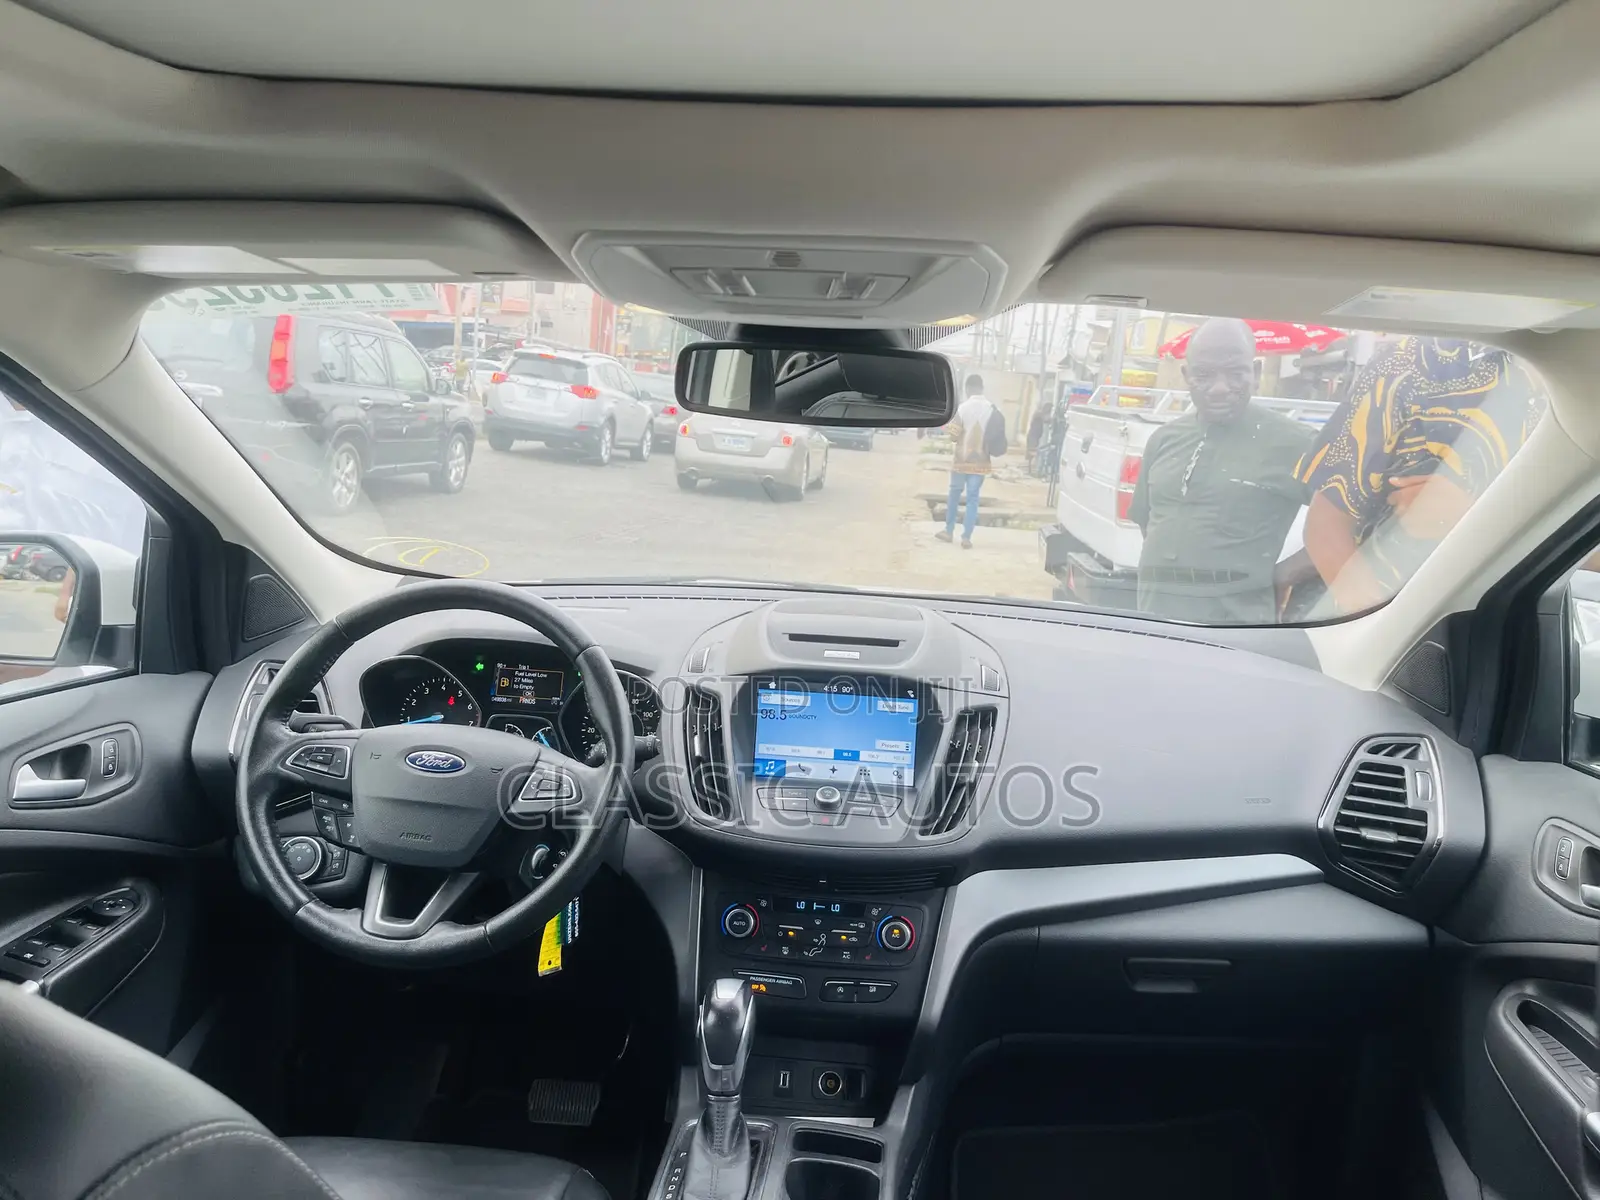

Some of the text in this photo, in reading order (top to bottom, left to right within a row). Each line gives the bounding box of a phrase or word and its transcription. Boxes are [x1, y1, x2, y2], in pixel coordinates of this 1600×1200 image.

[424, 687, 430, 695] 3
[823, 685, 838, 693] 4:15
[760, 708, 788, 721] 98.5
[415, 753, 453, 769] Ford
[399, 832, 432, 842] AIRBAG
[796, 901, 806, 909] LO
[830, 904, 841, 912] LO
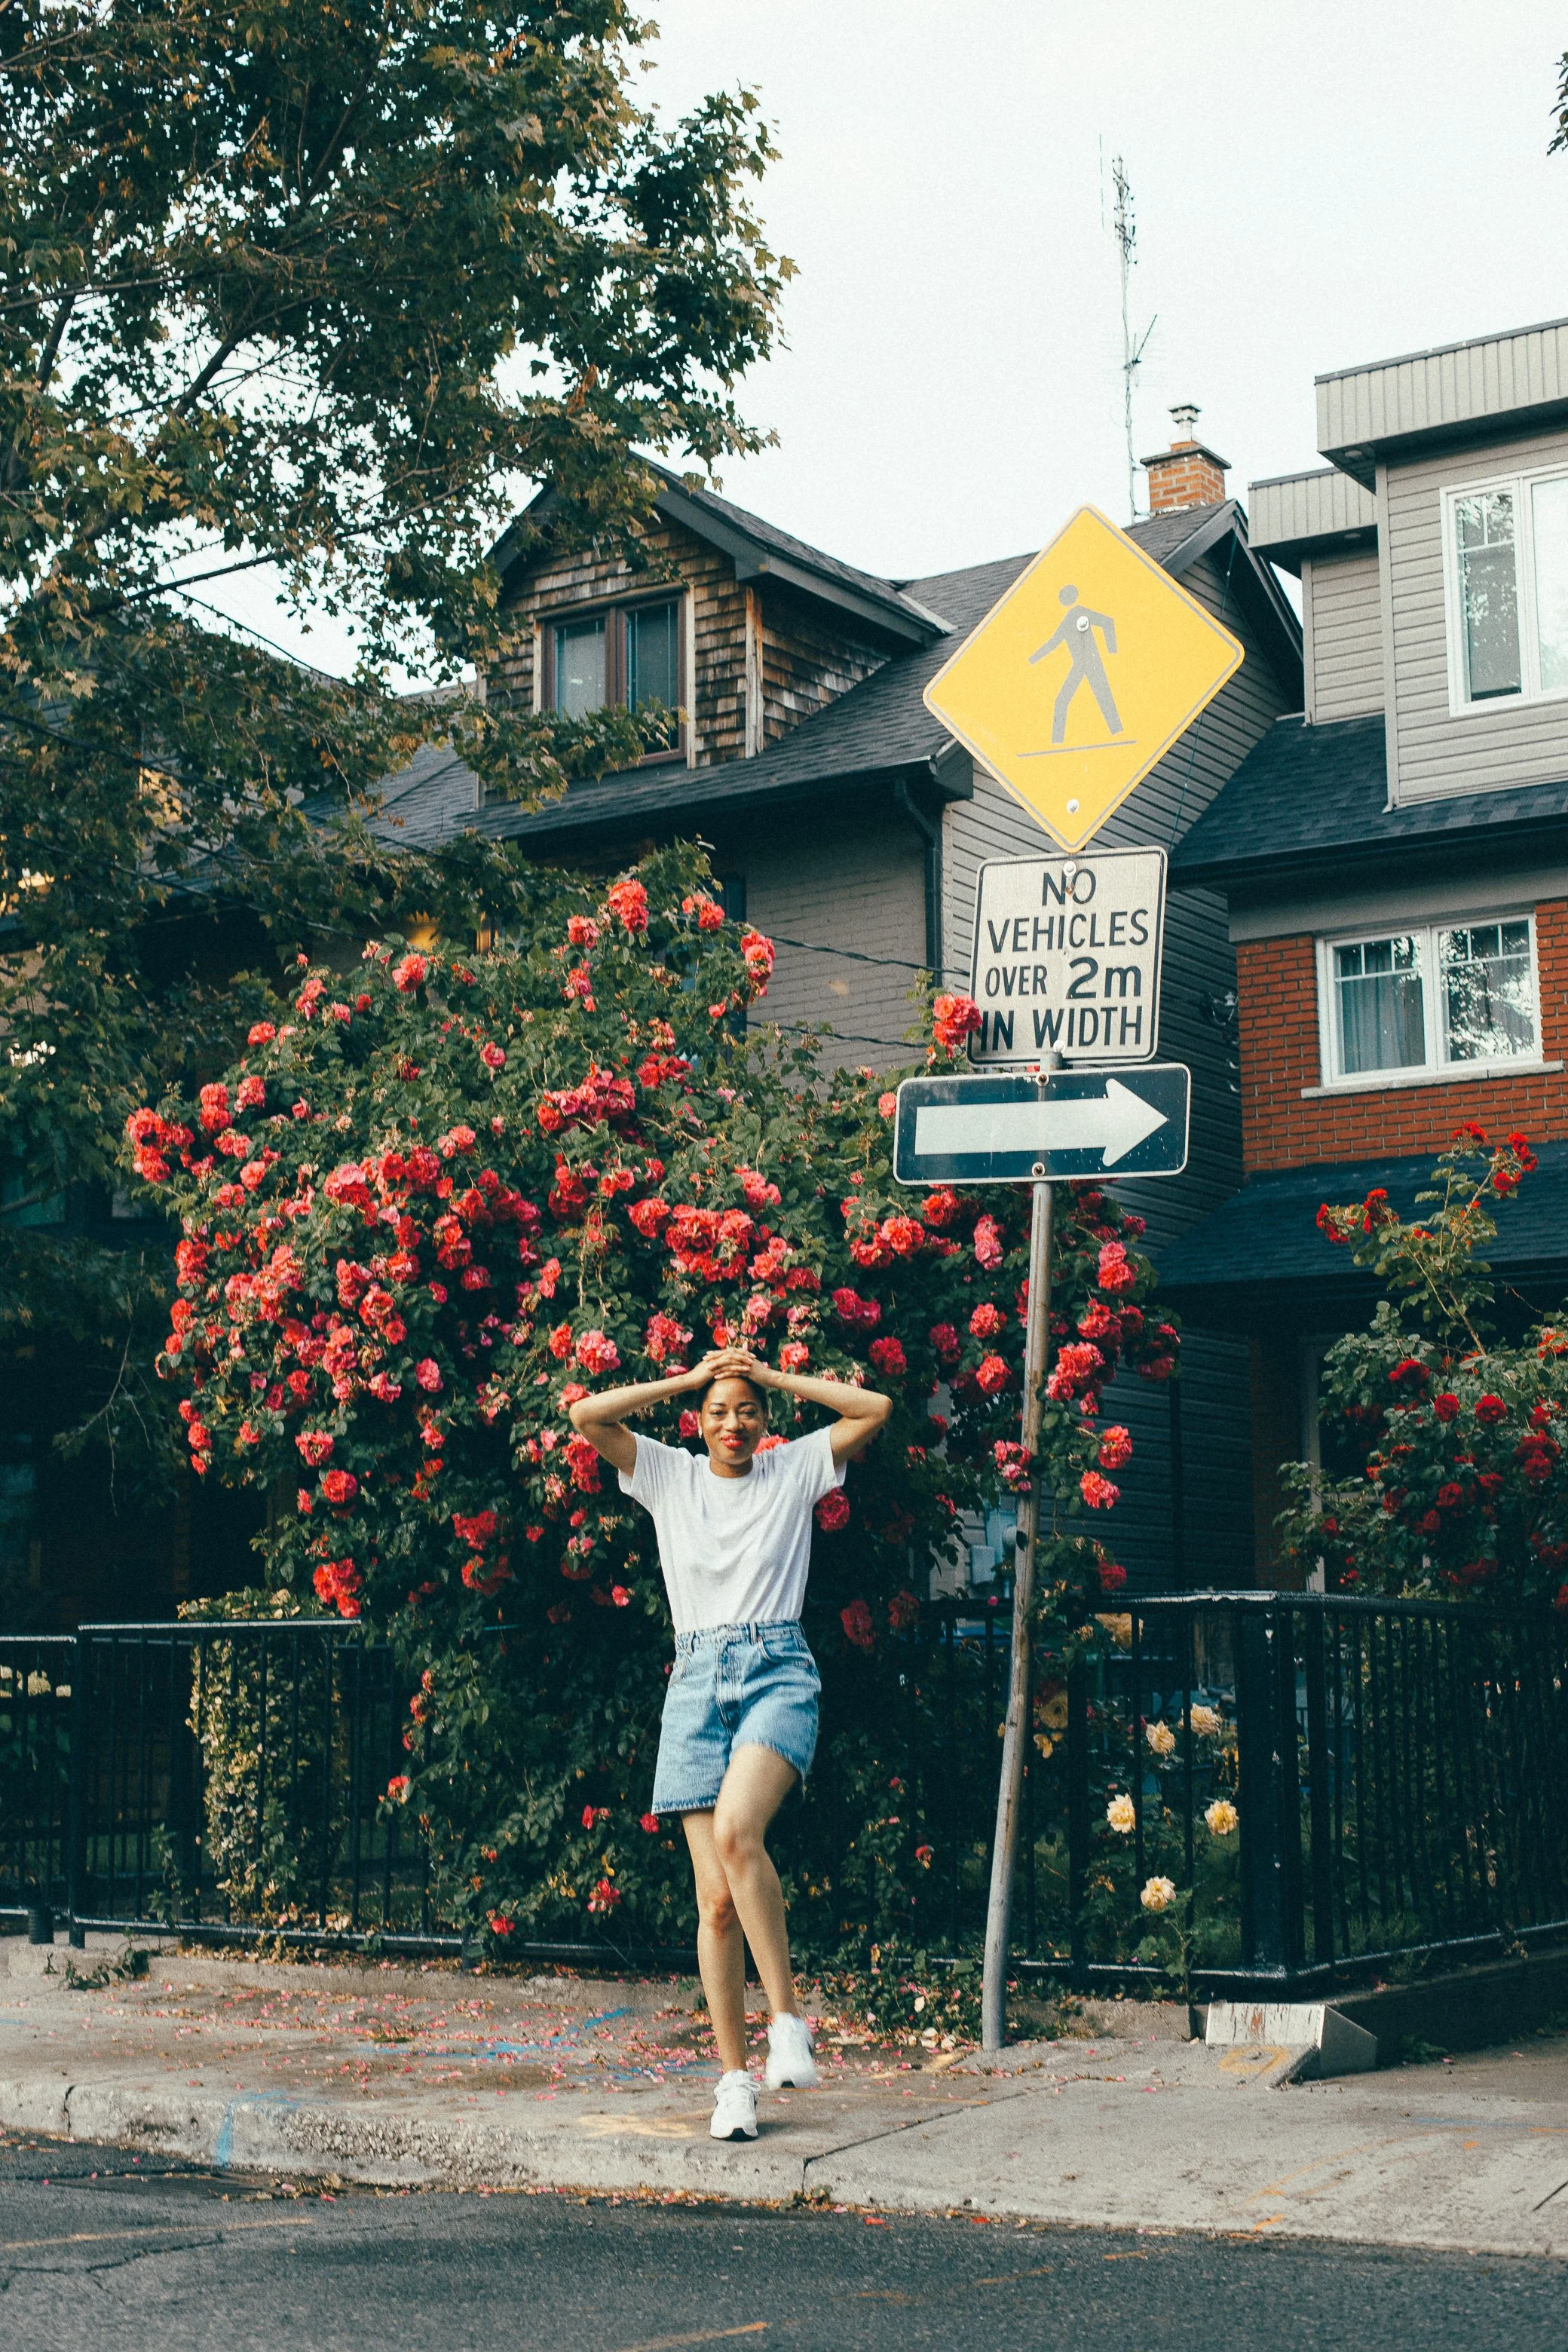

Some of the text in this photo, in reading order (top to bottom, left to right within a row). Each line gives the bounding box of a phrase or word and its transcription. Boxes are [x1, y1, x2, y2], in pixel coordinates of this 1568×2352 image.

[1042, 868, 1097, 906] NO
[987, 909, 1149, 954] VEHICLES
[985, 957, 1141, 1000] OVER 2m
[980, 1006, 1142, 1052] IN WIDTH
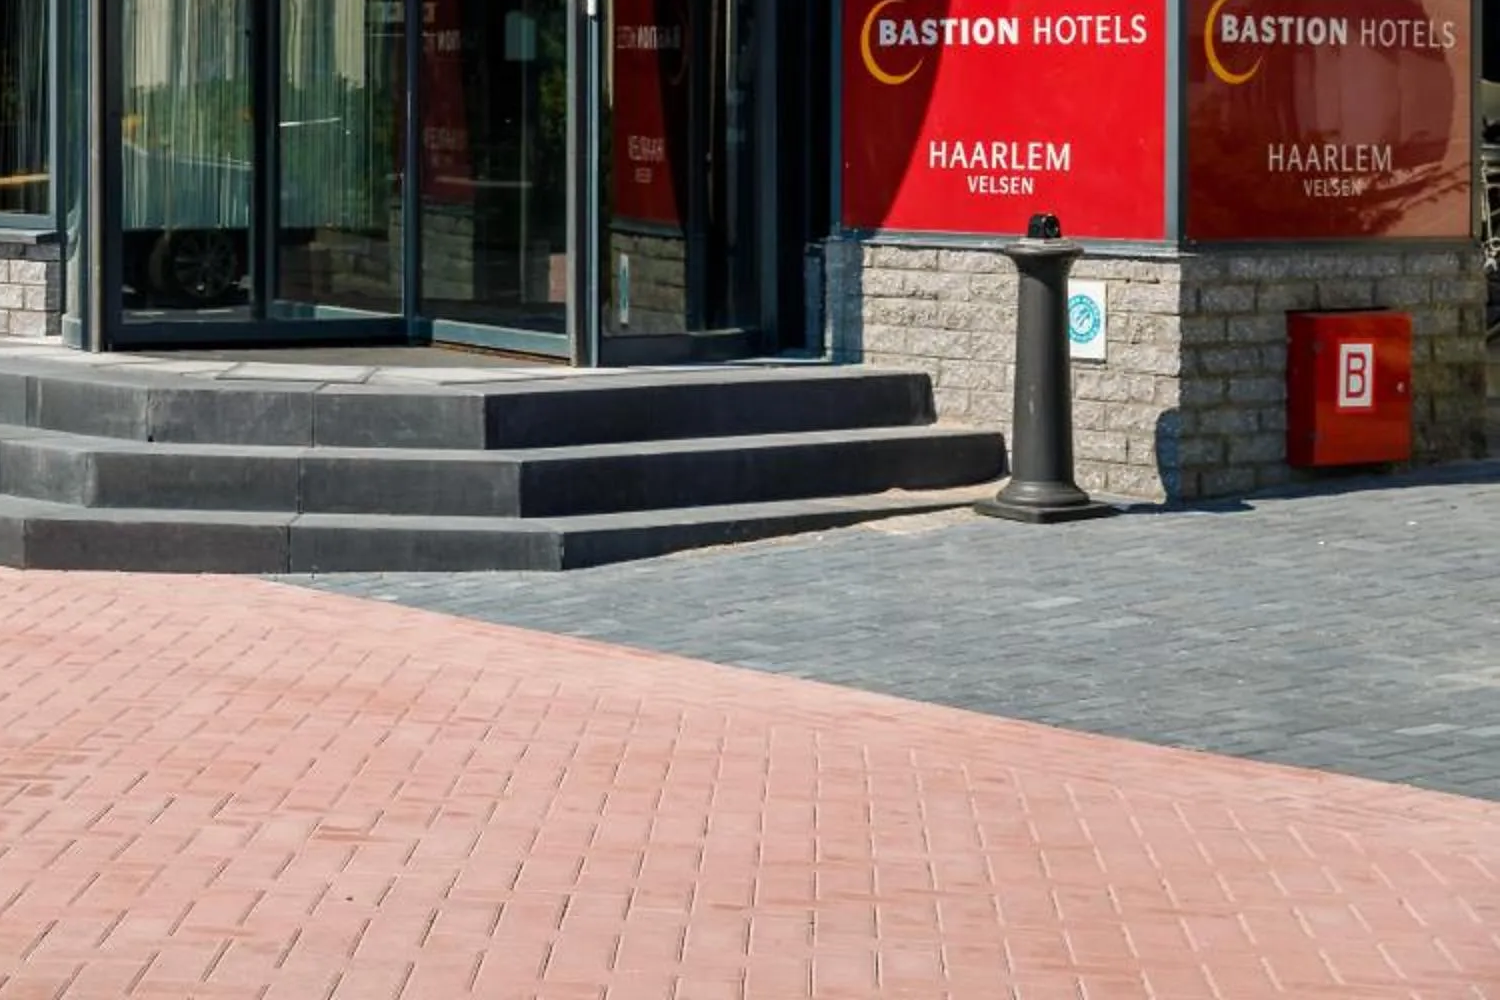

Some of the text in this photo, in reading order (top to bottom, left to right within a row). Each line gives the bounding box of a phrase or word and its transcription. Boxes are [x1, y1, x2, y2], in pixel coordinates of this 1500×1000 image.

=======

Could you reproduce the listing above exactly and drop every picture?

Some of the text in this photo, in reading order (top to bottom, left to right within a row). Each line gives the bounding box of a phrase or word and its transcription. Boxes are [x1, y1, x2, y2], in pixel coordinates of this 1600×1200 image.

[424, 687, 430, 695] 3
[823, 685, 838, 693] 4:15
[760, 708, 788, 721] 98.5
[415, 753, 453, 769] Ford
[399, 832, 432, 842] AIRBAG
[796, 901, 806, 909] LO
[830, 904, 841, 912] LO

Some of the text in this photo, in reading order (top to bottom, left to right within a row). Each line gives the bounding box of a phrase or word and its transcription. Boxes are [x1, y1, x2, y2], in pixel coordinates of this 1568×2352 image.

[1042, 868, 1097, 906] NO
[987, 909, 1149, 954] VEHICLES
[985, 957, 1141, 1000] OVER 2m
[980, 1006, 1142, 1052] IN WIDTH

Some of the text in this photo, in reading order (top to bottom, left to right within a row). Each line gives the bounding box of a phrase or word and its transcription. Boxes are [x1, y1, x2, y2], in pixel coordinates of this 1500×1000 image.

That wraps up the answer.